● **TASK DESCRIPTION**:
Could you repeat all of the entries word for word, minus any pictures?

Images for object localization:
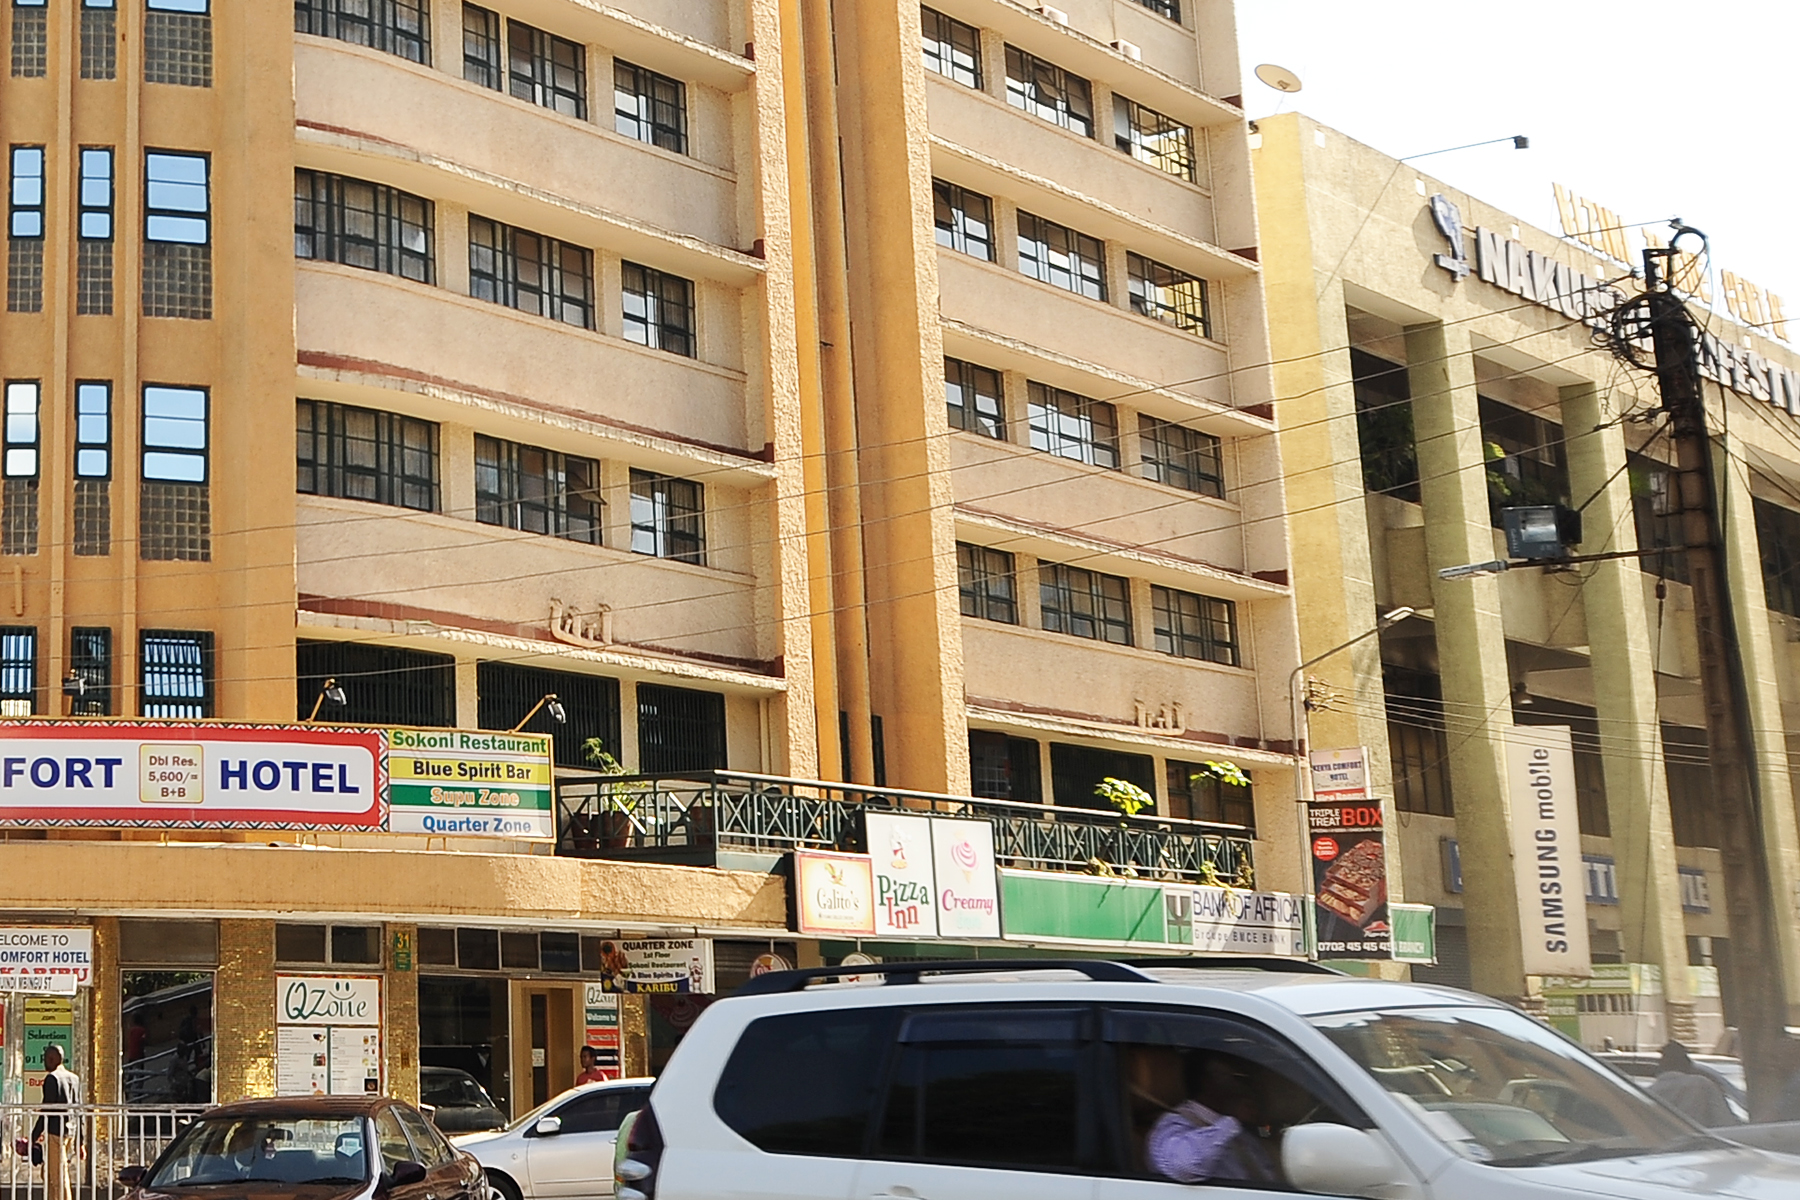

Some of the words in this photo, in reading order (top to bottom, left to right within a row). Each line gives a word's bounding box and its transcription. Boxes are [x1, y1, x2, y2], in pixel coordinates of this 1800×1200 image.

[392, 731, 454, 749] Sokoni
[459, 734, 547, 753] Restaurant
[149, 755, 169, 767] Dbl
[172, 756, 198, 767] Res.
[219, 759, 360, 795] HOTEL
[413, 761, 452, 777] Blue
[457, 762, 502, 780] Spirit
[506, 764, 531, 780] Bar
[160, 786, 186, 798] B+B
[430, 787, 475, 807] Supu
[479, 789, 520, 806] Zone
[1310, 808, 1340, 817] TRIPLE
[1341, 807, 1383, 826] BOX
[422, 815, 489, 833] Quarter
[493, 818, 531, 833] Zone
[1310, 817, 1341, 827] TREAT
[816, 887, 859, 911] Galito's
[877, 875, 929, 906] Pizza
[1535, 828, 1568, 954] SAMSUNG
[942, 889, 993, 915] Creamy
[1193, 891, 1231, 918] BANK
[1234, 894, 1251, 919] OF
[1255, 896, 1301, 923] AFRICA
[886, 897, 919, 929] Inn
[51, 934, 69, 946] TO
[396, 932, 410, 949] 31
[622, 941, 666, 951] QUARTER
[667, 940, 694, 950] ZONE
[1233, 931, 1258, 943] BMCE
[1263, 933, 1286, 944] BANK
[1318, 942, 1345, 951] 0702
[1346, 942, 1361, 951] 45
[1363, 942, 1378, 951] 45
[53, 951, 89, 963] HOTEL
[651, 961, 686, 969] Restaurant
[636, 983, 678, 993] KARIBU
[27, 1029, 67, 1040] Selection

● **SOLUTION FOR THIS PROBLEM**:
Some of the words in this photo, in reading order (top to bottom, left to right within a row). Each line gives a word's bounding box and its transcription. Boxes are [x1, y1, x2, y2], in pixel coordinates of this 1800×1200 image.

[392, 731, 454, 749] Sokoni
[459, 734, 547, 753] Restaurant
[149, 755, 169, 767] Dbl
[172, 756, 198, 767] Res.
[219, 759, 360, 795] HOTEL
[413, 761, 452, 777] Blue
[457, 762, 502, 780] Spirit
[506, 764, 531, 780] Bar
[160, 786, 186, 798] B+B
[430, 787, 475, 807] Supu
[479, 789, 520, 806] Zone
[1310, 808, 1340, 817] TRIPLE
[1341, 807, 1383, 826] BOX
[422, 815, 489, 833] Quarter
[493, 818, 531, 833] Zone
[1310, 817, 1341, 827] TREAT
[816, 887, 859, 911] Galito's
[877, 875, 929, 906] Pizza
[1535, 828, 1568, 954] SAMSUNG
[942, 889, 993, 915] Creamy
[1193, 891, 1231, 918] BANK
[1234, 894, 1251, 919] OF
[1255, 896, 1301, 923] AFRICA
[886, 897, 919, 929] Inn
[51, 934, 69, 946] TO
[396, 932, 410, 949] 31
[622, 941, 666, 951] QUARTER
[667, 940, 694, 950] ZONE
[1233, 931, 1258, 943] BMCE
[1263, 933, 1286, 944] BANK
[1318, 942, 1345, 951] 0702
[1346, 942, 1361, 951] 45
[1363, 942, 1378, 951] 45
[53, 951, 89, 963] HOTEL
[651, 961, 686, 969] Restaurant
[636, 983, 678, 993] KARIBU
[27, 1029, 67, 1040] Selection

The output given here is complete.